[Opening ENTRIES SHOWN section]

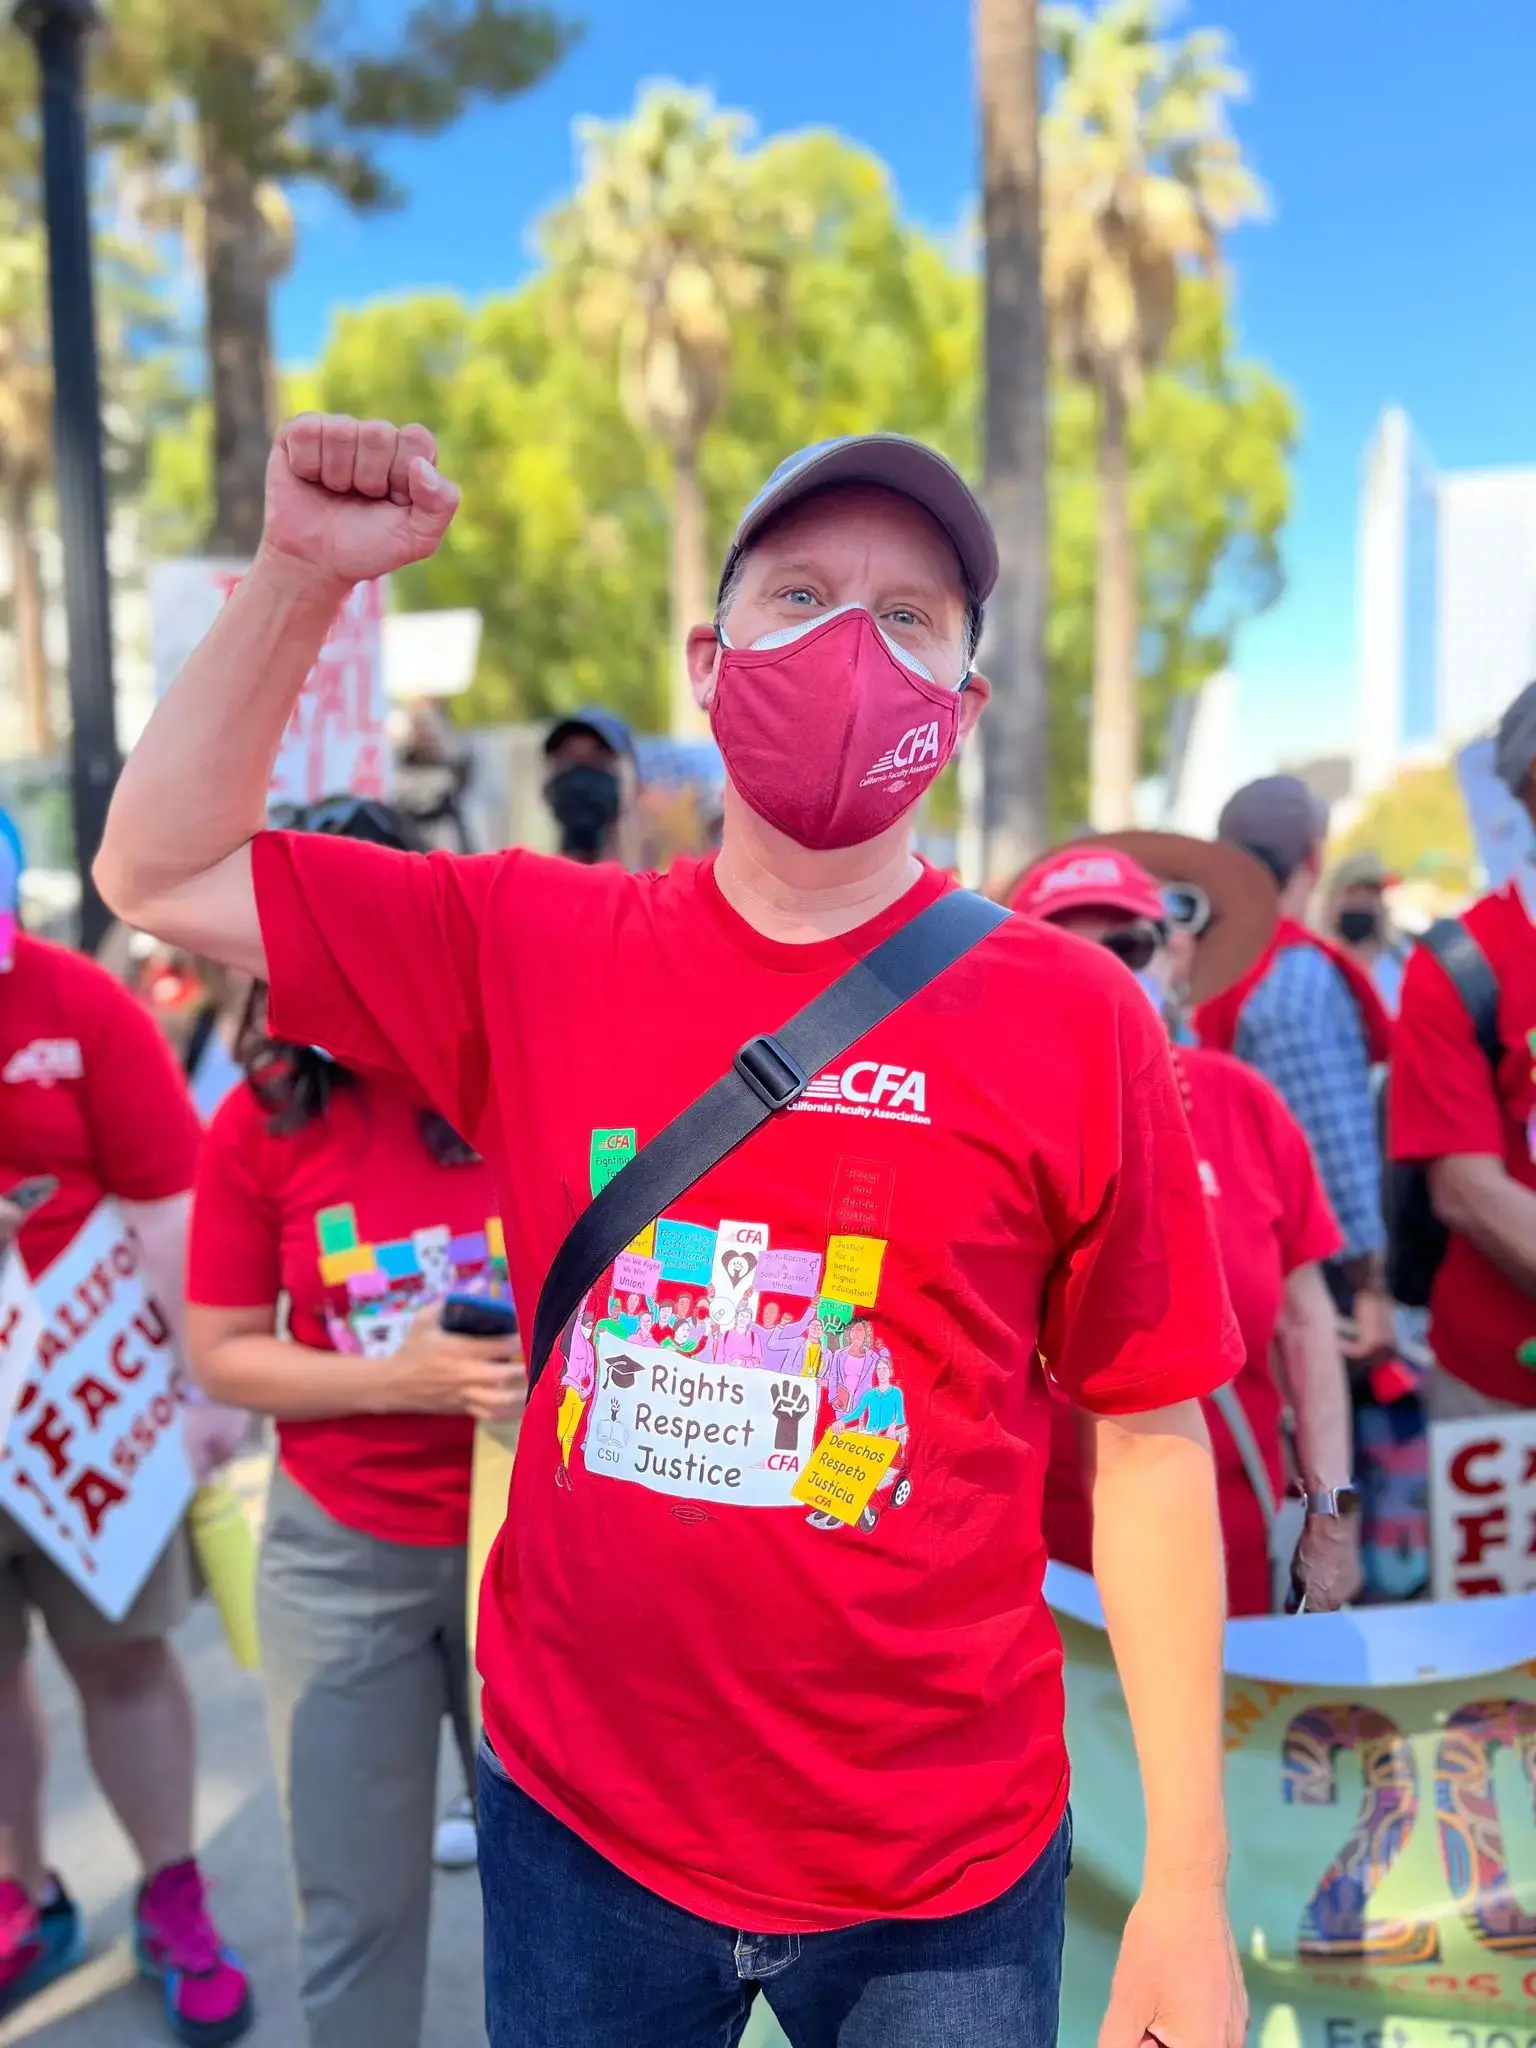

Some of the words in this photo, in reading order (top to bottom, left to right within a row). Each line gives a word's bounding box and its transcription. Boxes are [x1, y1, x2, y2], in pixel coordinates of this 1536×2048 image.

[893, 721, 938, 768] CFA
[888, 767, 908, 779] Faculty
[840, 1061, 926, 1112] CFA
[834, 1103, 871, 1118] Faculty
[872, 1108, 931, 1125] Association
[607, 1134, 630, 1149] CFA
[736, 1229, 762, 1245] CFA
[619, 1275, 646, 1290] Union!
[820, 1301, 850, 1312] STRIKE!
[652, 1365, 744, 1407] Rights
[635, 1403, 755, 1448] Respect
[597, 1448, 620, 1463] CSU
[829, 1435, 886, 1463] Derechos
[634, 1445, 741, 1487] Justice
[767, 1454, 799, 1472] CFA
[819, 1452, 866, 1482] Respeto
[808, 1471, 854, 1505] Justicia
[814, 1495, 832, 1508] CFA
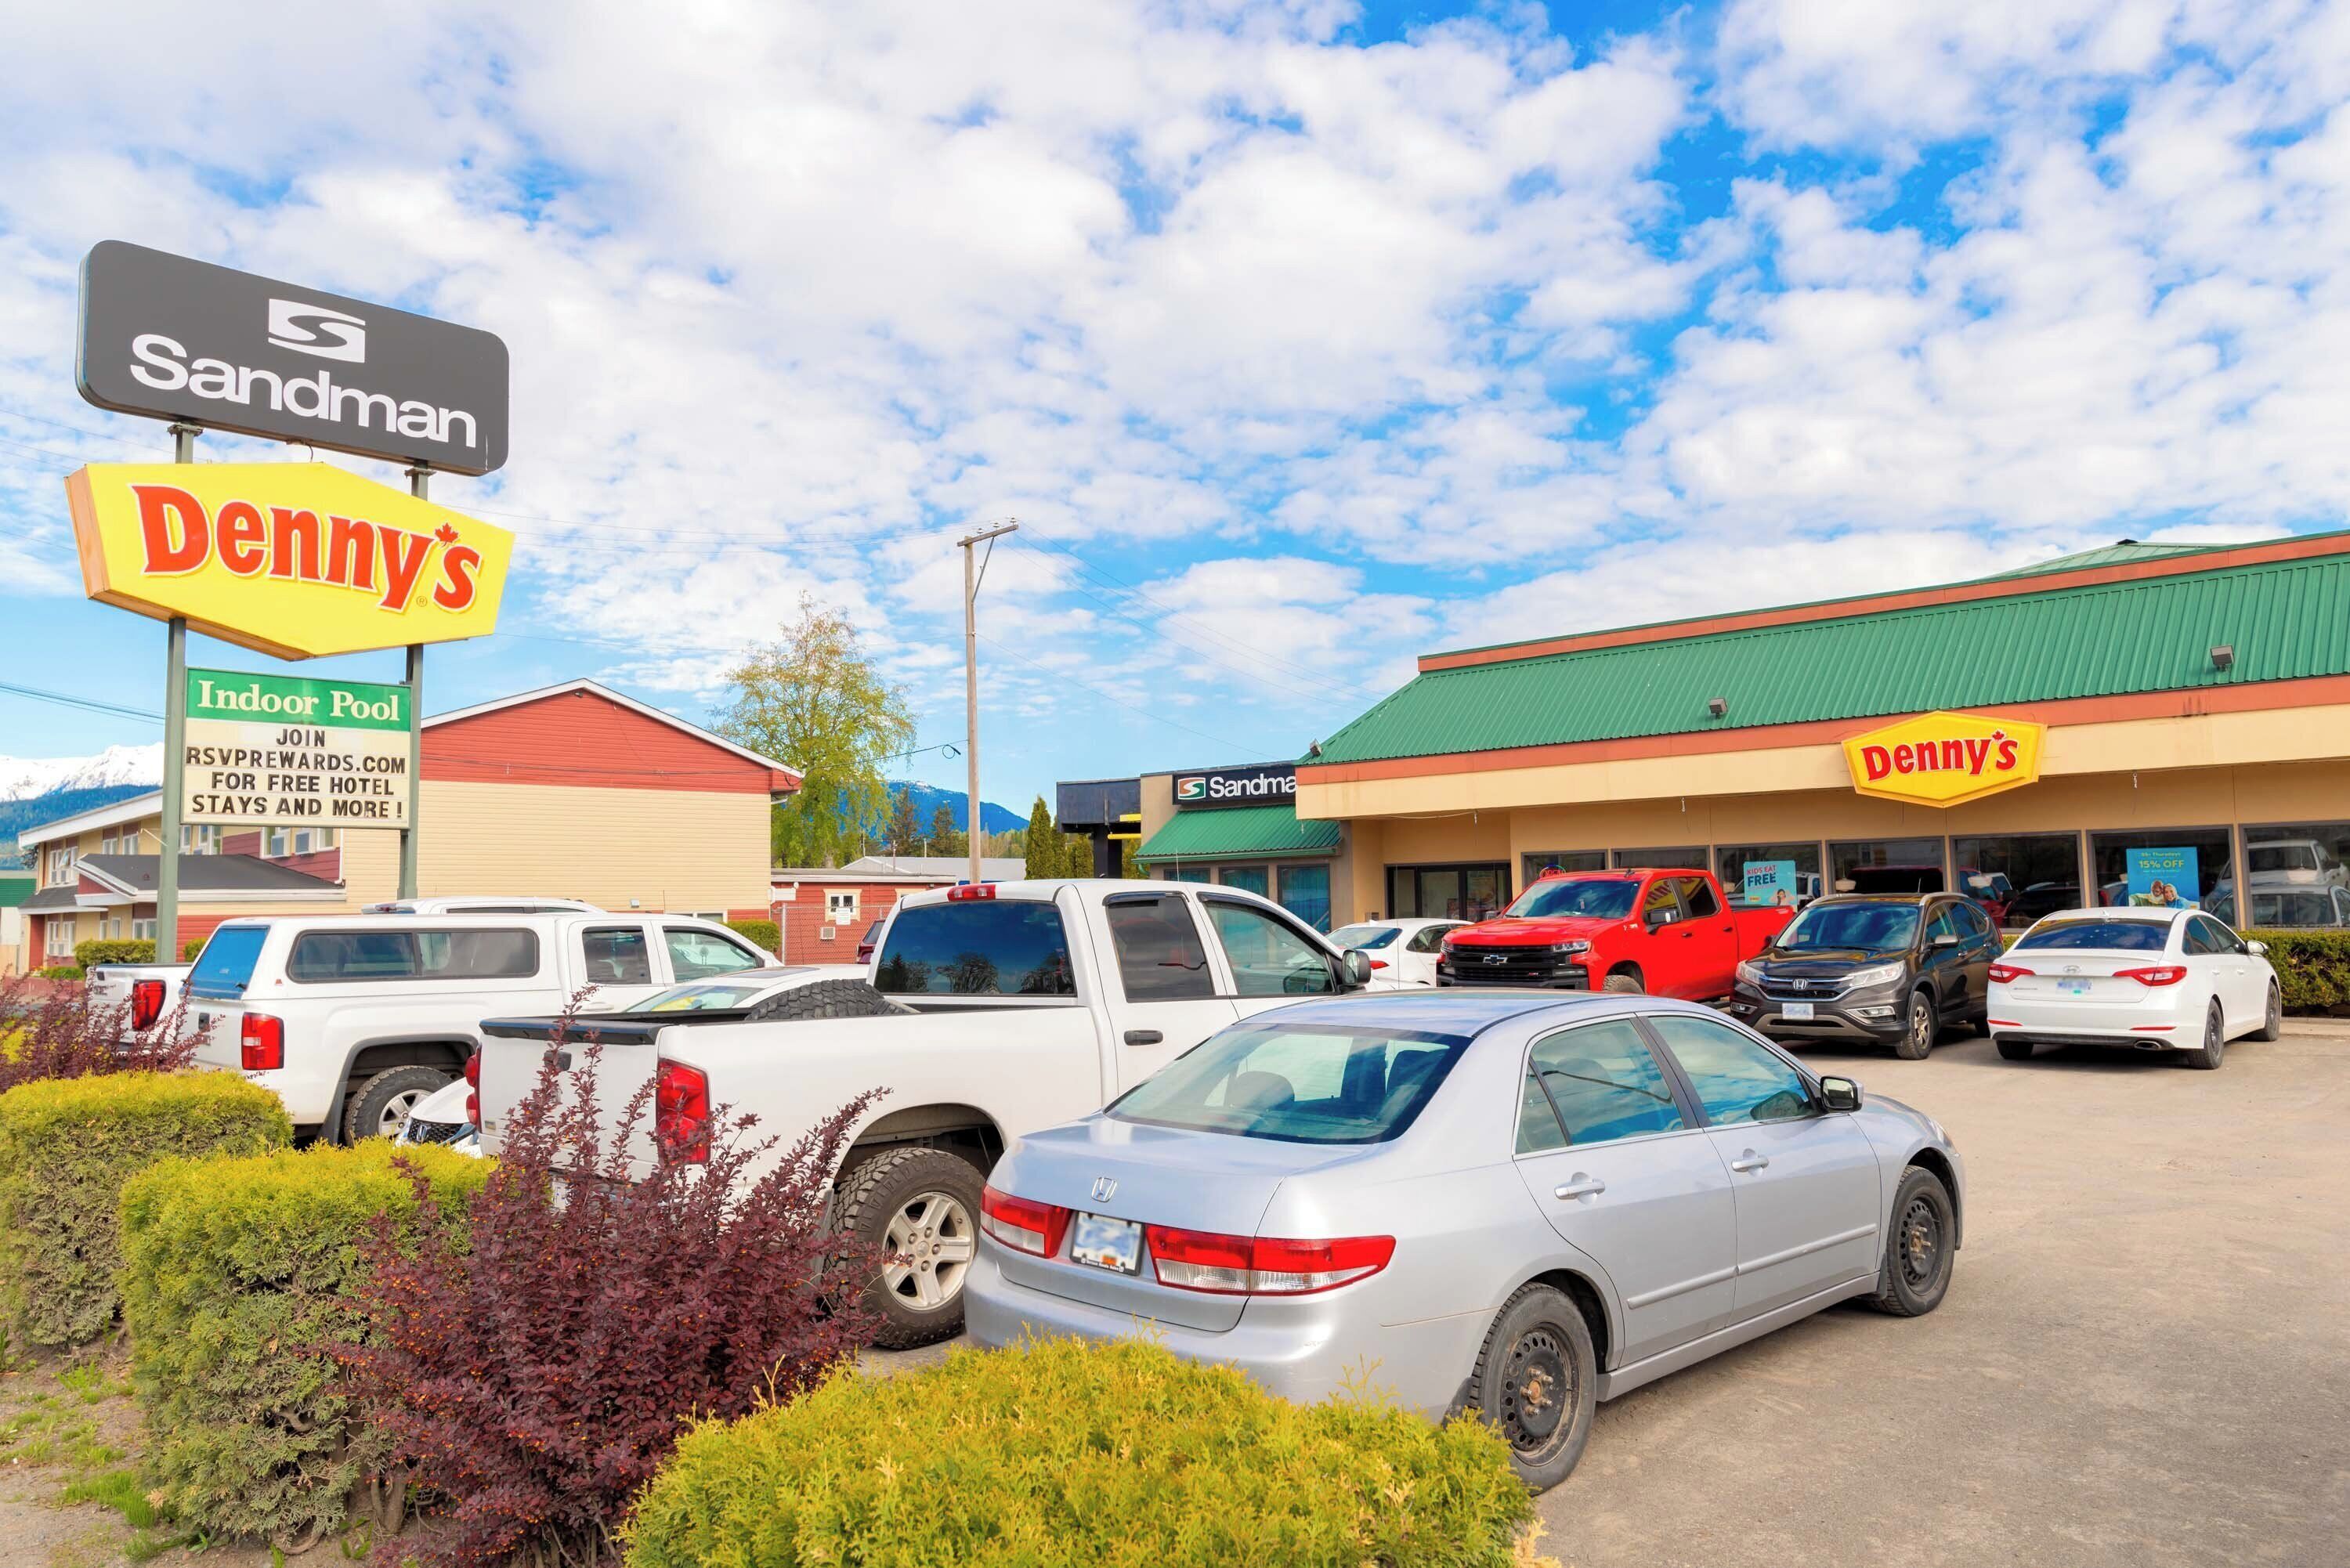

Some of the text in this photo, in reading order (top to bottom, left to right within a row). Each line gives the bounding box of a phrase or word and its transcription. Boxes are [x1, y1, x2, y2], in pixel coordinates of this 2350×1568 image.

[130, 334, 476, 447] Sandman
[128, 483, 481, 614] Denny's
[197, 680, 400, 721] Indoor Pool
[276, 728, 325, 747] JOIN
[186, 746, 406, 774] RSVPREWARDS.COM
[1860, 728, 2019, 782] Denny's
[212, 771, 394, 795] FOR FREE HOTEL
[1209, 773, 1296, 798] Sandma
[192, 794, 267, 815] STAYS
[276, 797, 322, 815] AND
[1746, 867, 1762, 876] KIDS
[2138, 859, 2185, 869] 15% OFF
[1747, 873, 1777, 887] FREE

[Closing ENTRIES SHOWN section]

◆ **TASK**
Reproduce every record above word for word. Leave the pictures out.

◆ **RESPONSE TO THE TASK**
Some of the words in this photo, in reading order (top to bottom, left to right within a row). Each line gives a word's bounding box and its transcription. Boxes are [x1, y1, x2, y2], in pixel coordinates of this 1536×2048 image.

[893, 721, 938, 768] CFA
[888, 767, 908, 779] Faculty
[840, 1061, 926, 1112] CFA
[834, 1103, 871, 1118] Faculty
[872, 1108, 931, 1125] Association
[607, 1134, 630, 1149] CFA
[736, 1229, 762, 1245] CFA
[619, 1275, 646, 1290] Union!
[820, 1301, 850, 1312] STRIKE!
[652, 1365, 744, 1407] Rights
[635, 1403, 755, 1448] Respect
[597, 1448, 620, 1463] CSU
[829, 1435, 886, 1463] Derechos
[634, 1445, 741, 1487] Justice
[767, 1454, 799, 1472] CFA
[819, 1452, 866, 1482] Respeto
[808, 1471, 854, 1505] Justicia
[814, 1495, 832, 1508] CFA

Some of the text in this photo, in reading order (top to bottom, left to right within a row). Each line gives the bounding box of a phrase or word and its transcription. Boxes are [x1, y1, x2, y2], in pixel coordinates of this 2350×1568 image.

[130, 334, 476, 447] Sandman
[128, 483, 481, 614] Denny's
[197, 680, 400, 721] Indoor Pool
[276, 728, 325, 747] JOIN
[186, 746, 406, 774] RSVPREWARDS.COM
[1860, 728, 2019, 782] Denny's
[212, 771, 394, 795] FOR FREE HOTEL
[1209, 773, 1296, 798] Sandma
[192, 794, 267, 815] STAYS
[276, 797, 322, 815] AND
[1746, 867, 1762, 876] KIDS
[2138, 859, 2185, 869] 15% OFF
[1747, 873, 1777, 887] FREE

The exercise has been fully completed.